Désormais, les villageois doivent à nouveau emballer leurs affaires, réacheminer le courrier et réorganiser leur vie. Ils doivent voir où ils peuvent rester la prochaine fois. Et ils doivent se demander combien de temps encore ils pourront faire cela. Reviendrez-vous à Brienz une deuxième fois ? Ou sont-ils fatigués – et fuient-ils la montagne ?
Lors d’une réunion d’information mardi soir, les autorités ont déclaré que les habitants de Brienz devraient se préparer à une évacuation d’un mois. Ils ne pourront probablement pas regagner leurs foyers avant le printemps 2025, voire pas du tout. On a dit qu’il était probable que la situation se calmerait en hiver. Mais il se pourrait aussi que le village soit enterré.
L’incertitude pèse sur les gens
Les habitants de Brienz vivent depuis des années dans la peur des montagnes. Des forces énormes agissent sur la pente. Au début, les habitants ont vécu ces forces comme des chiffres abstraits dans des rapports qui leur étaient présentés de plus en plus fréquemment et qui commençaient à paraître de plus en plus menaçants. Puis ils ont vu ces forces se déployer chez elles. Ils ont arraché les murs, les plafonds et les canalisations. Les Brienziens ne pouvaient plus fermer leurs portes car le bois se déformait constamment.

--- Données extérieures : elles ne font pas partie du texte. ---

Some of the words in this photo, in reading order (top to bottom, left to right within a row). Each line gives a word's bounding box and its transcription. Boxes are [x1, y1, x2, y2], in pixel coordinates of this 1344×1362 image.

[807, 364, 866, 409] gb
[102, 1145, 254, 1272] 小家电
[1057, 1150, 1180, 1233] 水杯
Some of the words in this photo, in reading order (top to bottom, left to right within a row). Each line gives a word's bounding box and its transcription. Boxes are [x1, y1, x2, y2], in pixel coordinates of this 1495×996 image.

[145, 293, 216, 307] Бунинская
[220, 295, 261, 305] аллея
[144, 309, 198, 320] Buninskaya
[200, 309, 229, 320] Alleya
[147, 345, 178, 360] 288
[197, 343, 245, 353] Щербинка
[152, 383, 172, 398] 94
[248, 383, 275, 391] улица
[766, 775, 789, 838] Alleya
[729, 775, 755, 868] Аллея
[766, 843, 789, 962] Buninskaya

Tout cela est devenu monnaie courante à Brienz. Et chaque fois qu’une nouvelle mauvaise nouvelle survenait, la communauté de l’Albula invitait les gens à un événement d’information. Ce fut également le cas samedi dernier, lorsque la communauté a déclaré un niveau d’alerte jaune et a déclaré qu’une évacuation était imminente. Et mardi soir, lorsque l’évacuation a été décidée. Il s’agit du 21ème événement en quelques années seulement.
Mardi, des représentants des autorités ont fourni des informations sur l’état du rocher, d’éventuelles explosions et l’évacuation. Samedi, la collectivité a même proposé un conseiller en assurance. La communauté procède de manière routinière, semble-t-il.

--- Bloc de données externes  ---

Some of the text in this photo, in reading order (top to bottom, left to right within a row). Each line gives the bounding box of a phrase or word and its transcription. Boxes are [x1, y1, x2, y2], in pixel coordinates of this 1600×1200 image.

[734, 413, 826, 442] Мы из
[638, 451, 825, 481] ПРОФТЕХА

Il existe néanmoins une grande incertitude et une grande frustration parmi les habitants de Brienz. Mardi soir, un homme a déclaré aux autorités : « Si nous devons partir une troisième fois, nous ne partirons plus. » Et : « Moi aussi, je resterais maintenant. Mais je dois y aller. Le maire de l’Albula, Daniel Albertin, a répondu : “Oui, il le faut.”
La situation est émouvante pour beaucoup de personnes impliquées, et cela est particulièrement évident lors de ces événements. Certains sont en colère, d’autres sont tristes, certains remettent en question les informations des experts. Il vit en mode veille depuis des années, a déclaré un homme samedi dernier. Il a expliqué que ses affaires étaient emballées et prêtes à la maison – afin qu’il puisse partir à tout moment. C’est une attente constante que toute cette histoire de « cinabre » commence. Les responsables politiques doivent se demander quels sont les effets psychologiques de cette mesure sur la population, a-t-il déclaré. « Combien de temps encore pouvons-nous et voulons-nous nous attendre à cela ?
D’autres s’inquiètent de leur existence financière. En cas de sinistre total, les habitants de Brienz recevront une indemnisation. Cependant, on ne sait pas exactement comment gérer les dommages progressifs. Les portes et les tuyaux doivent être remplacés et les fissures réparées. Un homme plus âgé a déclaré : « Ma maison est ma prévoyance retraite, si elle tombe à l’eau, mon existence en dépend. »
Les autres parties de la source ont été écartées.